#### AIM OF THE TASK
Without omitting anything, copy the data exactly.

═══ TASK INPUTS

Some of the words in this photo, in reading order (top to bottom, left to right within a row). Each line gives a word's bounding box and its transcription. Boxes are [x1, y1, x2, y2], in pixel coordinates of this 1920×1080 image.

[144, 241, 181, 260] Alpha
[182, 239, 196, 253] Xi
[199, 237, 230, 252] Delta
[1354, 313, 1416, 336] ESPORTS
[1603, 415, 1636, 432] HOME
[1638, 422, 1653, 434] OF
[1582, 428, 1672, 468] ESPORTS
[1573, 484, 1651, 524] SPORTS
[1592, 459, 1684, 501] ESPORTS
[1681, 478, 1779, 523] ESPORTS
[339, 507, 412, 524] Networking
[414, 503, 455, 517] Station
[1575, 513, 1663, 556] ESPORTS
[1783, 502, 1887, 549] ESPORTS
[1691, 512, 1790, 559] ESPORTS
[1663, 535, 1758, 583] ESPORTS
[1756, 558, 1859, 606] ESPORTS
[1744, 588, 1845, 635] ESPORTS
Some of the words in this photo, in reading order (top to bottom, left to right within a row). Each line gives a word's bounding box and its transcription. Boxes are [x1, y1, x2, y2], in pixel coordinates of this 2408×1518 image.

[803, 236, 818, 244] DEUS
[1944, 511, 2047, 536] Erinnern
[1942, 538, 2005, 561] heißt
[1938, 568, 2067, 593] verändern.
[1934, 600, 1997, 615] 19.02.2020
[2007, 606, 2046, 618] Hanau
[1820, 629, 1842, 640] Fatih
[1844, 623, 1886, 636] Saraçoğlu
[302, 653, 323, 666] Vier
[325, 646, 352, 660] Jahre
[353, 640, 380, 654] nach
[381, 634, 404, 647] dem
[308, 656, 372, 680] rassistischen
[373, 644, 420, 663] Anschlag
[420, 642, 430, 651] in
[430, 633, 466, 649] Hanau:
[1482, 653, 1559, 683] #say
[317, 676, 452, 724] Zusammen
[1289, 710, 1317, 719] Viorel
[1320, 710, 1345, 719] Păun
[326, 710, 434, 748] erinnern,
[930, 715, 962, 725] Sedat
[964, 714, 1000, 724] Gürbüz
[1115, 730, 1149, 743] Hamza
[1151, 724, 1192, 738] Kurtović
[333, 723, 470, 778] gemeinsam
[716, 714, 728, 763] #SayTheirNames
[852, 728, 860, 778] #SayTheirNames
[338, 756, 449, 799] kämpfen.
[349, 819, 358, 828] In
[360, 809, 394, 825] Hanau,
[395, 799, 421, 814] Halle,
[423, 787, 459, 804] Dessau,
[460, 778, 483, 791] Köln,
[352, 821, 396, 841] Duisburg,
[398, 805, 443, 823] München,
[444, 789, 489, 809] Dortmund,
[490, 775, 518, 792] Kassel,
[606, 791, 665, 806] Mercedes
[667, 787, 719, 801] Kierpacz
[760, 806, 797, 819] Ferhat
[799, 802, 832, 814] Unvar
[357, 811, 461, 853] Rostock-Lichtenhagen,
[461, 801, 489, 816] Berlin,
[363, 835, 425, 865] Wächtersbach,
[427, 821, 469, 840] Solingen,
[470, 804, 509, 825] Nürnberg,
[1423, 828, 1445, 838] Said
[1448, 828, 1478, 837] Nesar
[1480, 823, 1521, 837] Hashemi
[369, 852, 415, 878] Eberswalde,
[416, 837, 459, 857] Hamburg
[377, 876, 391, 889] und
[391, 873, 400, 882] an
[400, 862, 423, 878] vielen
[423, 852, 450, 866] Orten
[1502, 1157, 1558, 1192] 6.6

══════

#### ANSWER TO THE PROBLEM
Some of the words in this photo, in reading order (top to bottom, left to right within a row). Each line gives a word's bounding box and its transcription. Boxes are [x1, y1, x2, y2], in pixel coordinates of this 1920×1080 image.

[144, 241, 181, 260] Alpha
[182, 239, 196, 253] Xi
[199, 237, 230, 252] Delta
[1354, 313, 1416, 336] ESPORTS
[1603, 415, 1636, 432] HOME
[1638, 422, 1653, 434] OF
[1582, 428, 1672, 468] ESPORTS
[1573, 484, 1651, 524] SPORTS
[1592, 459, 1684, 501] ESPORTS
[1681, 478, 1779, 523] ESPORTS
[339, 507, 412, 524] Networking
[414, 503, 455, 517] Station
[1575, 513, 1663, 556] ESPORTS
[1783, 502, 1887, 549] ESPORTS
[1691, 512, 1790, 559] ESPORTS
[1663, 535, 1758, 583] ESPORTS
[1756, 558, 1859, 606] ESPORTS
[1744, 588, 1845, 635] ESPORTS
Some of the words in this photo, in reading order (top to bottom, left to right within a row). Each line gives a word's bounding box and its transcription. Boxes are [x1, y1, x2, y2], in pixel coordinates of this 2408×1518 image.

[803, 236, 818, 244] DEUS
[1944, 511, 2047, 536] Erinnern
[1942, 538, 2005, 561] heißt
[1938, 568, 2067, 593] verändern.
[1934, 600, 1997, 615] 19.02.2020
[2007, 606, 2046, 618] Hanau
[1820, 629, 1842, 640] Fatih
[1844, 623, 1886, 636] Saraçoğlu
[302, 653, 323, 666] Vier
[325, 646, 352, 660] Jahre
[353, 640, 380, 654] nach
[381, 634, 404, 647] dem
[308, 656, 372, 680] rassistischen
[373, 644, 420, 663] Anschlag
[420, 642, 430, 651] in
[430, 633, 466, 649] Hanau:
[1482, 653, 1559, 683] #say
[317, 676, 452, 724] Zusammen
[1289, 710, 1317, 719] Viorel
[1320, 710, 1345, 719] Păun
[326, 710, 434, 748] erinnern,
[930, 715, 962, 725] Sedat
[964, 714, 1000, 724] Gürbüz
[1115, 730, 1149, 743] Hamza
[1151, 724, 1192, 738] Kurtović
[333, 723, 470, 778] gemeinsam
[716, 714, 728, 763] #SayTheirNames
[852, 728, 860, 778] #SayTheirNames
[338, 756, 449, 799] kämpfen.
[349, 819, 358, 828] In
[360, 809, 394, 825] Hanau,
[395, 799, 421, 814] Halle,
[423, 787, 459, 804] Dessau,
[460, 778, 483, 791] Köln,
[352, 821, 396, 841] Duisburg,
[398, 805, 443, 823] München,
[444, 789, 489, 809] Dortmund,
[490, 775, 518, 792] Kassel,
[606, 791, 665, 806] Mercedes
[667, 787, 719, 801] Kierpacz
[760, 806, 797, 819] Ferhat
[799, 802, 832, 814] Unvar
[357, 811, 461, 853] Rostock-Lichtenhagen,
[461, 801, 489, 816] Berlin,
[363, 835, 425, 865] Wächtersbach,
[427, 821, 469, 840] Solingen,
[470, 804, 509, 825] Nürnberg,
[1423, 828, 1445, 838] Said
[1448, 828, 1478, 837] Nesar
[1480, 823, 1521, 837] Hashemi
[369, 852, 415, 878] Eberswalde,
[416, 837, 459, 857] Hamburg
[377, 876, 391, 889] und
[391, 873, 400, 882] an
[400, 862, 423, 878] vielen
[423, 852, 450, 866] Orten
[1502, 1157, 1558, 1192] 6.6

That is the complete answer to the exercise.